SI derived unit of illuminance

The lux (symbol: lx) is the unit of illuminance, or luminous flux per unit area, in the International System of Units (SI). It is equal to one lumen per square metre. In photometry, this is used as a measure of the irradiance, as perceived by the spectrally unequally responding human eye, of light that hits or passes through a surface. It is analogous to the radiometric unit watt per square metre, but with the power at each wavelength weighted according to the luminosity function, a model of human visual brightness perception, standardized by the CIE and ISO. In English, "lux" is used as both the singular and plural form.
The word is derived from the Latin word for "light", lux.

==Explanation==
===Illuminance===
Illuminance is a measure of how much luminous flux is spread over a given area. One can think of luminous flux (with the unit lumen) as a measure of the total "amount" of visible light present, and the illuminance as a measure of the intensity of illumination on a surface. A given amount of light will illuminate a surface more dimly if it is spread over a larger area, so illuminance is inversely proportional to area when the luminous flux is held constant.

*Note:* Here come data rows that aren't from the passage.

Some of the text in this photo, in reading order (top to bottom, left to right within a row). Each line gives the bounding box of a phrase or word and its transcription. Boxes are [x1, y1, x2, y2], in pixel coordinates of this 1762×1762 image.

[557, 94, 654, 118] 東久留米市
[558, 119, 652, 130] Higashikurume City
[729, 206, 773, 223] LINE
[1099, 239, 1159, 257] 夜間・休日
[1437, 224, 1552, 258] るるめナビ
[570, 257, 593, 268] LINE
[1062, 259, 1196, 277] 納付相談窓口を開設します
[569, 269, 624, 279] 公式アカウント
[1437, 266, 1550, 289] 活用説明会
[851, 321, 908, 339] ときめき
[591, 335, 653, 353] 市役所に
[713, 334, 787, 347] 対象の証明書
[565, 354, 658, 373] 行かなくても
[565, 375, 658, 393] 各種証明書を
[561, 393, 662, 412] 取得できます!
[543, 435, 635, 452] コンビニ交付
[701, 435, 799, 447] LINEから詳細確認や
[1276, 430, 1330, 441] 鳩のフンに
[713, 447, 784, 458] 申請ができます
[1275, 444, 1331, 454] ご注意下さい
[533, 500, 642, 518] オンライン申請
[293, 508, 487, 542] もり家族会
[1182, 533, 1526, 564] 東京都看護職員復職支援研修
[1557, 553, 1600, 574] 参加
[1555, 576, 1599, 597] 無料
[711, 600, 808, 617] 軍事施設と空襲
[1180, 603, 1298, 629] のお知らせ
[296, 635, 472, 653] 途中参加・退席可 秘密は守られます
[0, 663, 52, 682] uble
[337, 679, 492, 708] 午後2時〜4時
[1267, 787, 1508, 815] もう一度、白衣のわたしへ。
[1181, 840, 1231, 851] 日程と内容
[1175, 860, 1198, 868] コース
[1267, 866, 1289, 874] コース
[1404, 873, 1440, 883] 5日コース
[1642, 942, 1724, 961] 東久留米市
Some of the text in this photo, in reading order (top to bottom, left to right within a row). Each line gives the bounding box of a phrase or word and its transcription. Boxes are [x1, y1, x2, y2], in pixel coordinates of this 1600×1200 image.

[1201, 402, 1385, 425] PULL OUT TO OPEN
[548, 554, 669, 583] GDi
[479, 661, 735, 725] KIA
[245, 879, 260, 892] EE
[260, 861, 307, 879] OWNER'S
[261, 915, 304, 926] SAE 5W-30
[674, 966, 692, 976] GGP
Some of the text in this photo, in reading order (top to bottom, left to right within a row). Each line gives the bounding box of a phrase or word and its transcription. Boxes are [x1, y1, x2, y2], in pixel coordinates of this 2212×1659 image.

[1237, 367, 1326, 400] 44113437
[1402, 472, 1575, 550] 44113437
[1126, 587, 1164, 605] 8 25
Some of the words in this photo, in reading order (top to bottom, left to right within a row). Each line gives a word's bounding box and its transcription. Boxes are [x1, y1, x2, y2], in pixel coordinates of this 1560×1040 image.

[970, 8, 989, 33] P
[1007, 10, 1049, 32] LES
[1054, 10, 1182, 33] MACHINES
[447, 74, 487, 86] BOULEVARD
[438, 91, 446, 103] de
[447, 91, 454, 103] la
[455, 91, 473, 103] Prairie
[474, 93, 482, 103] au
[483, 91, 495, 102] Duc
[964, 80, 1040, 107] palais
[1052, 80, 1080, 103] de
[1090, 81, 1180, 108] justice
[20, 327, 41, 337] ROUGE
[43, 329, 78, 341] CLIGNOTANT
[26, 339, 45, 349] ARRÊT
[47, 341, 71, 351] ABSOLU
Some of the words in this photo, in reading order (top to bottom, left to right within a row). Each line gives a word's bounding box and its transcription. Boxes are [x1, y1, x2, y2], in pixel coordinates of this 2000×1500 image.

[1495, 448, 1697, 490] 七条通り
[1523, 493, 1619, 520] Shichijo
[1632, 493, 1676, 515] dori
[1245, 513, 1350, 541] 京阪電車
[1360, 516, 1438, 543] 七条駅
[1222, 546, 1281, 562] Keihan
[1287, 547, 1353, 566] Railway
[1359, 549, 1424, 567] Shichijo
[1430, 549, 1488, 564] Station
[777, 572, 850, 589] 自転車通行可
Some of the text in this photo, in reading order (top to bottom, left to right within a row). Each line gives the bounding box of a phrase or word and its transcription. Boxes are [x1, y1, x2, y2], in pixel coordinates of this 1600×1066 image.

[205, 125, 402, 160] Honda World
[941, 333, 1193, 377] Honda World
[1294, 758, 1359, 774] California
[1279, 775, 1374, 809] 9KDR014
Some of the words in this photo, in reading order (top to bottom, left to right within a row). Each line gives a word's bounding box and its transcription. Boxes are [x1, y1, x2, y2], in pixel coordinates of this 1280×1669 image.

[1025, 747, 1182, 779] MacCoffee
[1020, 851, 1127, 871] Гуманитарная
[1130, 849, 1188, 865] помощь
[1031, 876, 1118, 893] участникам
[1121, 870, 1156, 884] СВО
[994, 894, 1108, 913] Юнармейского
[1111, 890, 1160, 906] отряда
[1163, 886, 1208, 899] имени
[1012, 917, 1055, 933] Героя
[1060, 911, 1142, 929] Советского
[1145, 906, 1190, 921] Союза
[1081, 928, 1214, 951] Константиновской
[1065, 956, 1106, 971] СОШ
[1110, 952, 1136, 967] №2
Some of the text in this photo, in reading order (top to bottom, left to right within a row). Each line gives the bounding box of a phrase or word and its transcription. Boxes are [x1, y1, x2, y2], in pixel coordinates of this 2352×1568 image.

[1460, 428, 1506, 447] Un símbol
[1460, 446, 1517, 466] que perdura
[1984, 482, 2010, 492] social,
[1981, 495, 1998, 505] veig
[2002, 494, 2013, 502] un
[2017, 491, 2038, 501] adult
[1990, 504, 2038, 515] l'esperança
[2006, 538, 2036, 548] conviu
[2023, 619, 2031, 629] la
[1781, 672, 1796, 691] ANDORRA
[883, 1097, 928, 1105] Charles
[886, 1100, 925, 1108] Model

One lux is equal to one lumen per square metre:
1 lx = 1 lm/m^{2} = 1 cd·sr/m^{2}.

A flux of 1000 lumens, spread uniformly over an area of 1 square metre, lights up that square metre with an illuminance of 1000 lux. However, the same 1000 lumens spread out over 10 square metres produces a dimmer illuminance of only 100 lux.

Achieving an illuminance of 500 lx might be possible in a home kitchen with a single fluorescent light fixture with an output of 12000 lumens. To light a factory floor with dozens of times the area of the kitchen would require dozens of such fixtures. Thus, lighting a larger area to the same illuminance (lux) requires a greater luminous flux (lumen).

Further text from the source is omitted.